Often, things we imagine in our heads that seem great regularly turn out to be bad ideas when we put them in the real world, such as a piece of paper or a computer screen. They say that the picture is worth a thousand words. What if this is not just a picture but a functioning model you can interact with? That functioning model would be called a prototype.

The prototype isn’t a website mockup, and it isn’t wireframe. Although, you may create one or both in your design process. 

Difference between prototype, website mockup, and wireframe

Wireframes, mockups, and prototypes can be defined as stages in the design process. Each one of them is a step closer to representing the final, functional website. You can refer to each one by its level of “fidelity” to the final product. 

The wireframe is a layout with abstract graphic elements like lines and boxes, similar to an electronic schematic. You can see how each element relates to others.

Wireframes are low-fidelity documents.

website mockup

Mockups are better-looking wireframes. They have bare structure skinned with grey boxes representing images, original graphics, fonts, and colors consistent with the client’s brand identity.

With mockups, you can show how a website will capture the essence of a brand. A website mockup can help you show the client how a website will look without spending too much time in creating it.

Keep in mind not to get bogged down with revising mockups, because you can do all these changes on the actual prototype.

The prototype is an interactive representation of a website. It is not necessary that every interaction and animation is defined. Essential elements should be presented to show how it’s going to function.

The prototype is a high-fidelity version of the final website. Most, but not necessarily all, of the components are in place.

Because of the interactivity, prototypes are much better than mockups. That’s why we usually skip mockups and proceeded directly to the prototype.

Know your audience

Design and development process involves many different people, from developers and content writers to marketers and CEOs. Whatever stage you’re at, make sure your prototype has features that are relevant to your audience.

A copywriter is not interested in pretty animated transitions, rather prepare prototype with their content in it.

One thing is to get your prototype in front of people who’ve been thinking about it for months; it’s a whole other thing to get an outsider’s perspective from someone who will be a user of the website.

Three things you need to do:
  • Know who your end users are going to be
  • Understand their expectations for this type of site
  • Run usability testing on prototype


Start with gathering information. Look at other sites in your target industry. Find out what websites your target audience visits regularly and what makes them return.

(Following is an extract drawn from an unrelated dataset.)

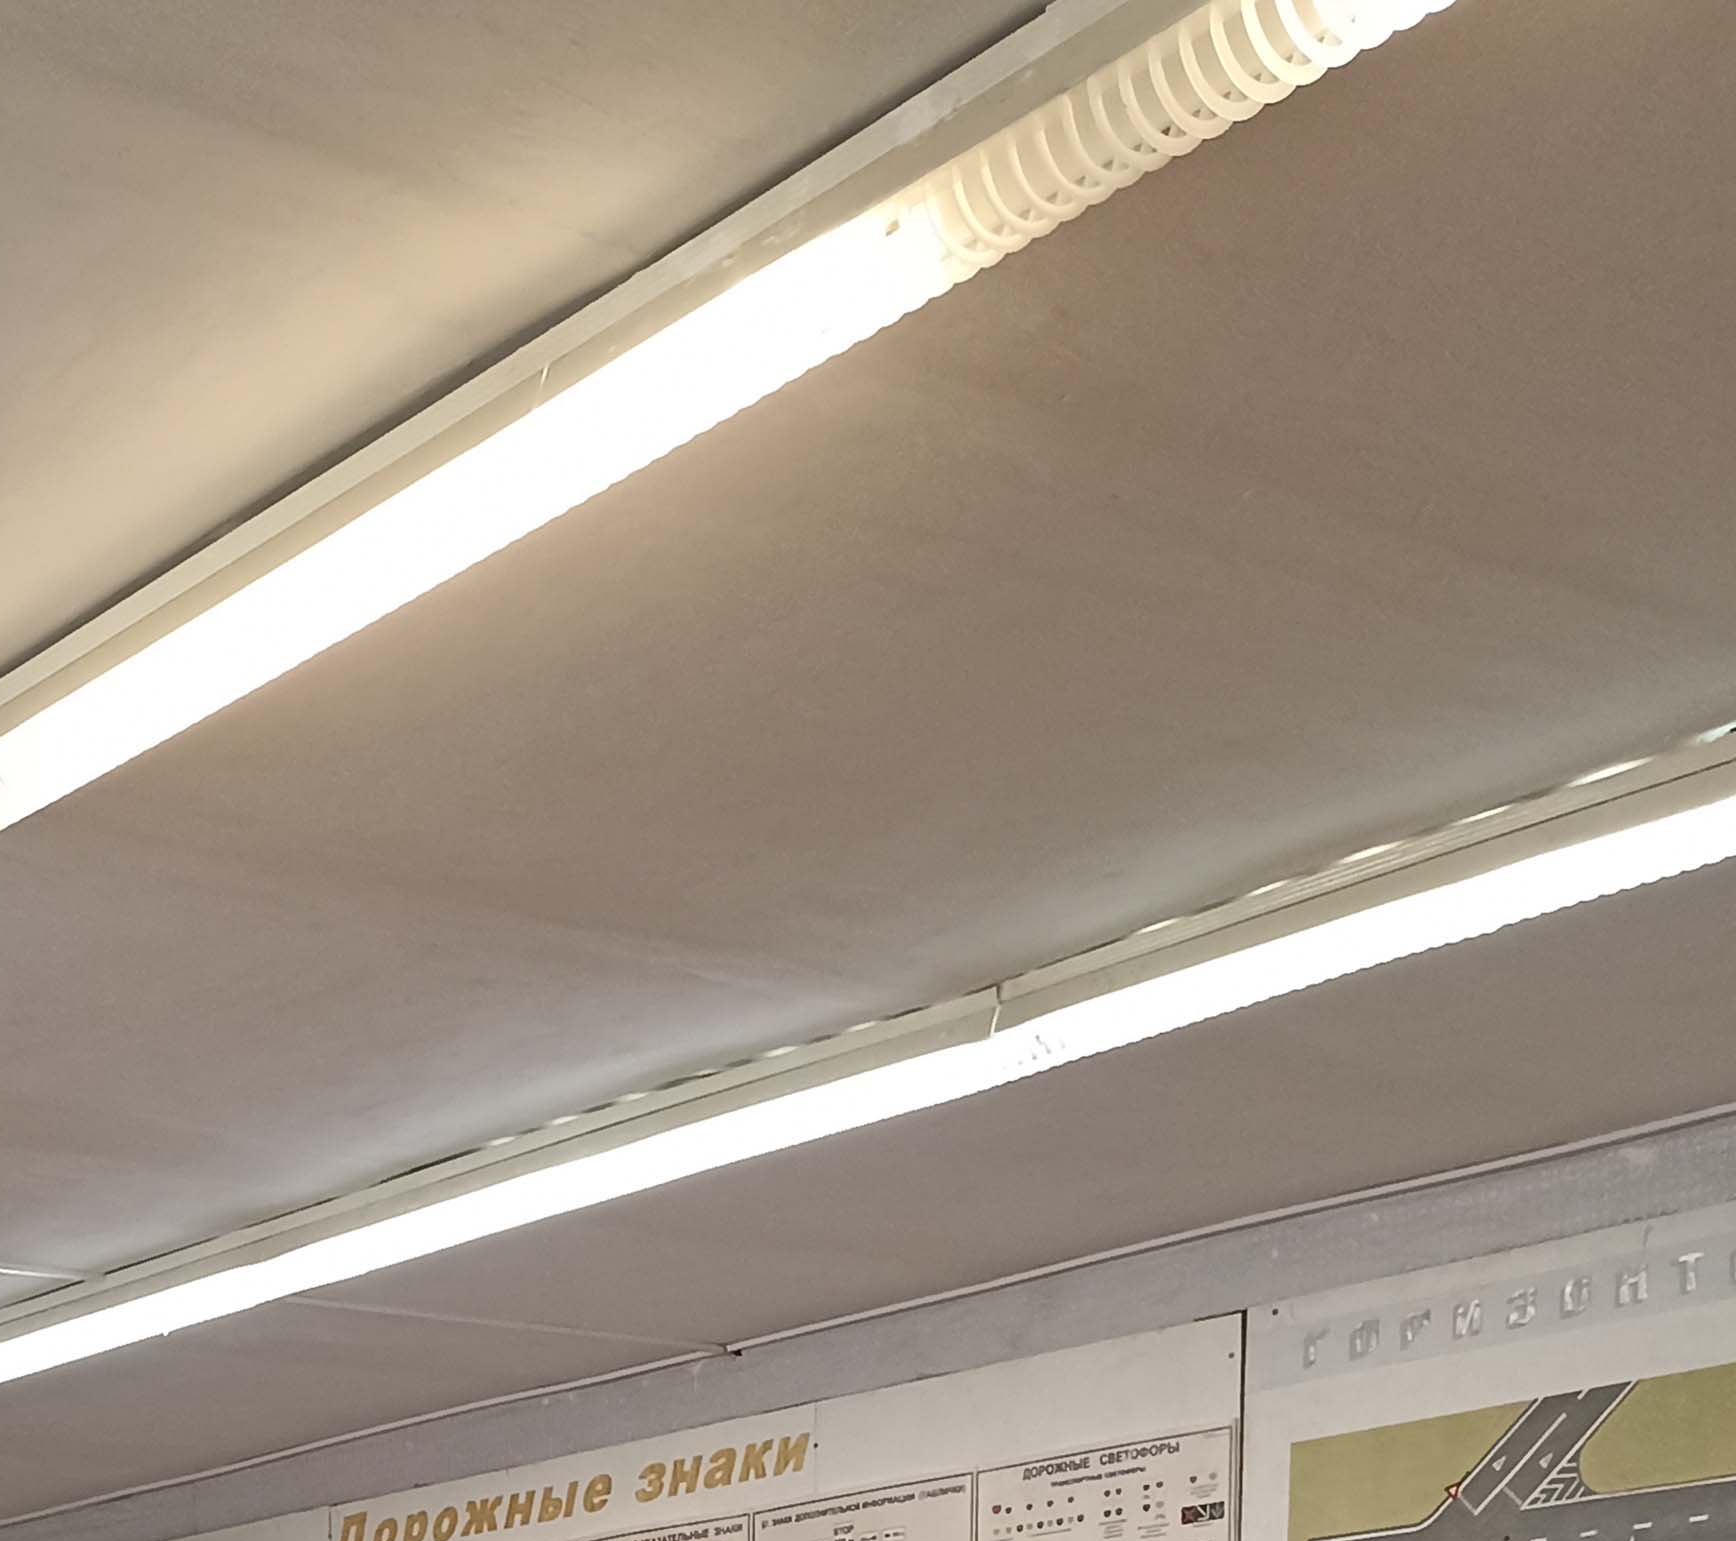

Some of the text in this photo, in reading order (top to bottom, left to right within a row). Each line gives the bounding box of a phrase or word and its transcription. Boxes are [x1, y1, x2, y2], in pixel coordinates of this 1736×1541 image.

[1302, 1251, 1736, 1369] ГОРИЗОНТ
[634, 1432, 811, 1502] знаки
[1023, 1441, 1180, 1481] ДОРОЖНЫЕ СВЕТОФОРЫ

Ask yourself: What features make these websites an enjoyable experience? 

Use this research as a source of inspiration as well as warning what not to do.


In this stage pen and paper are your best friends. Scribble main elements of your future website pages on a sheet of paper. With pen and paper level of commitment is minimal.

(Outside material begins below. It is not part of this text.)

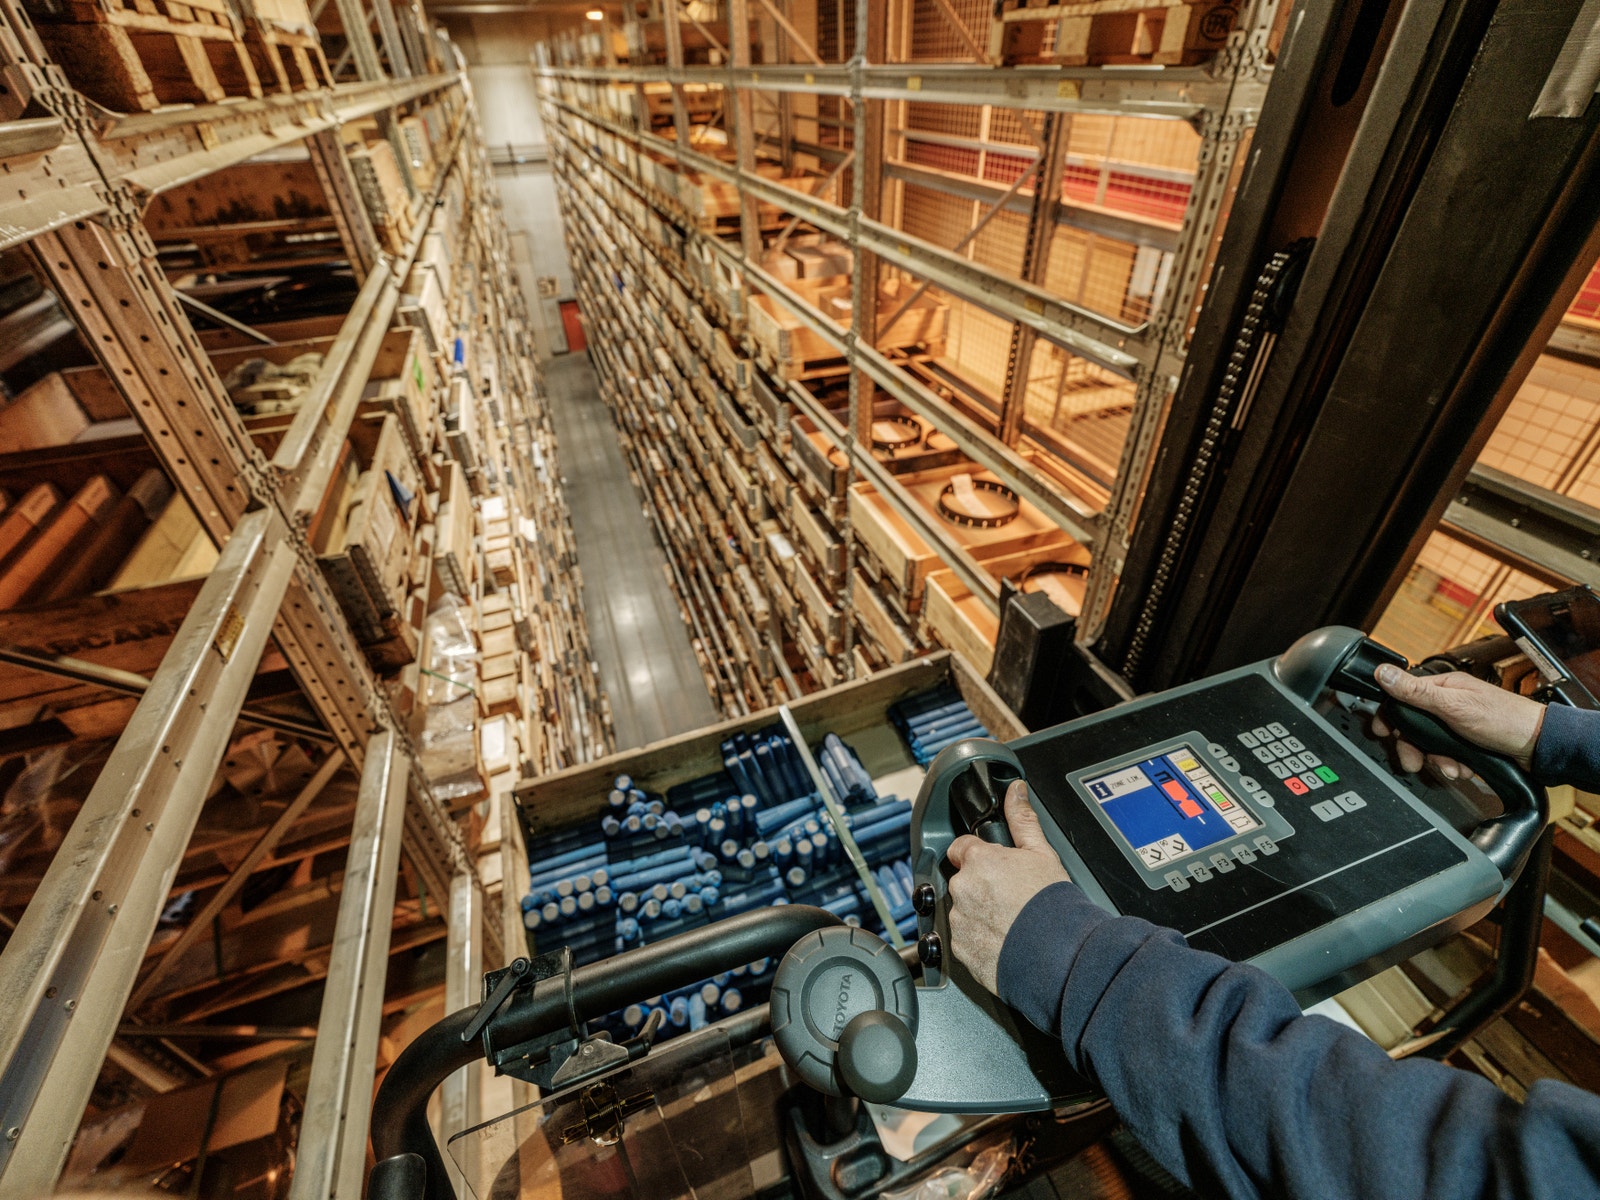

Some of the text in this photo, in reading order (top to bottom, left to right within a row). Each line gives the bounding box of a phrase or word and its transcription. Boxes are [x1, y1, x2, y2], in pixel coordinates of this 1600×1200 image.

Making quick sketches frees you up to identify creative solutions, saves time and can help you imagine basic website structure before you move to pixels.

Drawings should be loose without any attention given to fonts, colors, and interface elements. At this point, you are marking down the big ideas.


website mockup
Pen and paper prototyping

Defining scope

Think about what you want your prototype to demonstrate and make a list of pages you will need for it. In most cases, if you are building a website from scratch, you will want to list all pages, the prototype will feature. 


In creating a prototype, you will need to use real content. It doesn’t need to be completely fleshed out, but you should have headings, and copy should be more or less defined.

Using dummy text is okay, but it’s better to use an actual copy, even if it’s just an early draft. There should be enough content to give someone an idea of what page is about.

Ask yourself: What’s the purpose of each page?

When designing for mobile devices, it is essential to find the focus of every page. Remove distracting and repetitive elements (except for maybe your CTA). 


Creating a website without a prototype or website mockup is like trying to build a house without a blueprint. Sure, you can combine materials into an approximation of a building, but most likely you’ll get confused and start to lose vision of the purpose of the website.

A functional prototype is a thing you can’t afford to neglect in your process of building websites. It saves a lot of time in communication with software developers and the rest of the team.

Also, it saves money that would be spent on a redesign and fixing the errors.